• Goal of the exercise: A faithful, complete transcript of the entries below, without pictures, should be returned.

[[ Data section open ]]

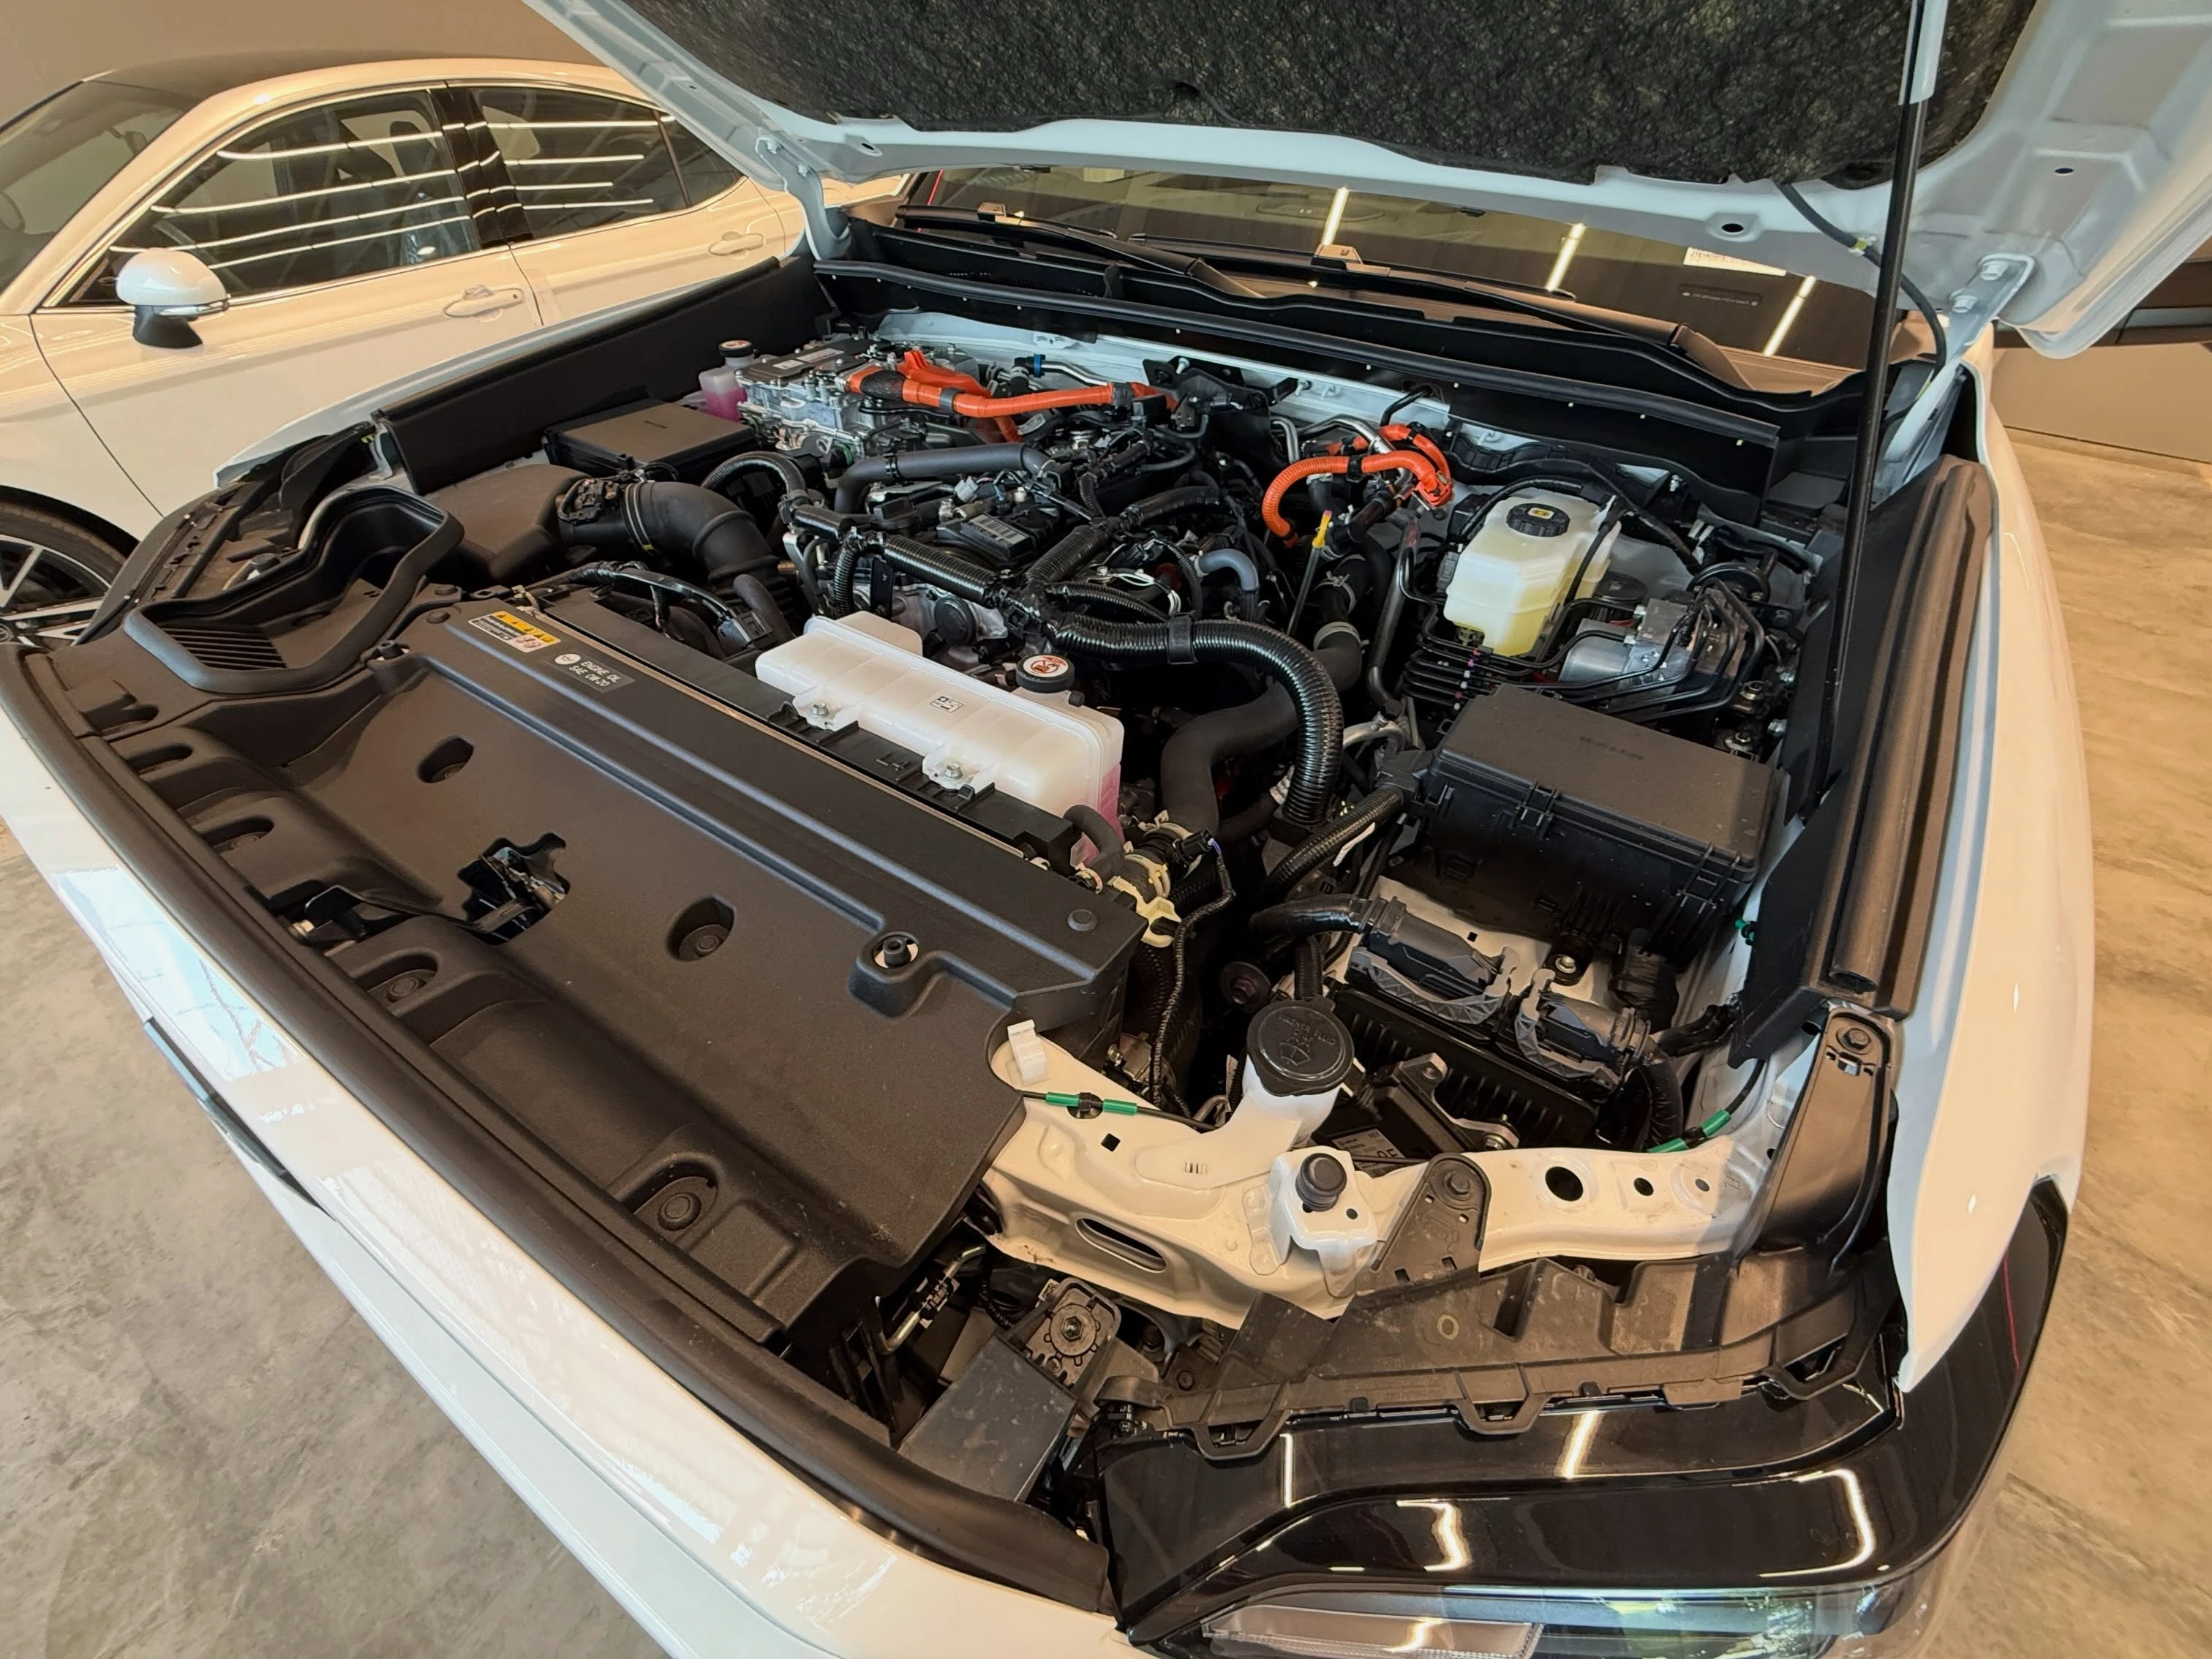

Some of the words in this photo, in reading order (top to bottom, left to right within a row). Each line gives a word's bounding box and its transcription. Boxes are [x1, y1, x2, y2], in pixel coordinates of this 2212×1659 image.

[569, 665, 588, 675] SAE
[581, 661, 610, 676] ENGINE
[607, 674, 621, 683] OIL
[1279, 1014, 1311, 1032] WASHER
[1313, 1030, 1336, 1045] FLUID

[[ Data section closed ]]

• Exercise result:
Some of the words in this photo, in reading order (top to bottom, left to right within a row). Each line gives a word's bounding box and its transcription. Boxes are [x1, y1, x2, y2], in pixel coordinates of this 2212×1659 image.

[569, 665, 588, 675] SAE
[581, 661, 610, 676] ENGINE
[607, 674, 621, 683] OIL
[1279, 1014, 1311, 1032] WASHER
[1313, 1030, 1336, 1045] FLUID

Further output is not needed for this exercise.